I have been helping one of my students with his personal statement, in which he is to outline his ‘passion for engineering’.
Passion – Giotto
The personal statement is an odd document. It is a piece of writing which accompanies your application to university in the UK, and which is sent to all universities to which you apply. In it, you outline, in a personal manner, what qualifies you above others for a place on the course in question. So, if you are applying to study medicine, you would outline your empathy, your interest in human physiology, your voluntary work with the St. John’s Ambulance, your Duke of Edinburgh award (inevitably); you would write of your passion for skeletal abnormalities or your childhood obsession with playing doctor. And so on.
It is meant, I suppose, to soften the world of hard metrics – exam grades, predicted exam grades, SAT tests, IQ tests, IELTS tests, and so on – which would otherwise determine your fate. It adds a bit of personal flavour. By no means all universities now interview for places, so for many it will represent your only chance to put a human face on your percentile performance.
Only it probably makes no difference to anyone’s application. Some universities explicitly state that they will only seriously look at the personal statement if grades are borderline.
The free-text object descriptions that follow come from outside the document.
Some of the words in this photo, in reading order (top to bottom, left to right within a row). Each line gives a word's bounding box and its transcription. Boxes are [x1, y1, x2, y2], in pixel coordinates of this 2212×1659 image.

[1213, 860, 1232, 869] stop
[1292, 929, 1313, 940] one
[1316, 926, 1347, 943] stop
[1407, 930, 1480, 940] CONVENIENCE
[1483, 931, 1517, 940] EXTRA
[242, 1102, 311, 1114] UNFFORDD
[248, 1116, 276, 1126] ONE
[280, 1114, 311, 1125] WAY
Thus, if you are having a hard time meeting requirements for medicine at Cambridge because you are devoting your off hours to voluntary work with Medicines sans frontieres in sub-saharan Africa, you might get a second look. But the fact is, universities will look at your academic record, and that will determine where you finish.
Those universities which routinely interview, Cambridge among them, will naturally enough be looking for something a bit different from good exam performance. As a Colonel in the Italian army once put it to me, colonels get promoted to generals based on their performance as colonels, not on their potential to be generals, and these are two different things. Similarly, good students at school might do poorly when the parental whip stops cracking at university, and poor students at school will frequently flourish in the more liberal atmosphere of a university.
The personal statement is an attempt to bridge that gap. If it fails, it fails not least because human beings are quick learners and even quicker mimics. By now, everyone knows what is expected. A university admissions officer will be faced with hundred of identikit blurbs, and will, consciously or unconsciously, filter them all out as you might filter out spam advertising.
On the TV cookery show, Masterchef, they once experimented with a segment called ‘The Passion Test’, wherein contestants had to talk for one minute about ‘how badly they wanted it’ – it being victory in the competition. Needless to say, they all wanted it ‘really badly’. Food truly was their passion. Some were so passionate, they cried actual tears. The segment was ditched.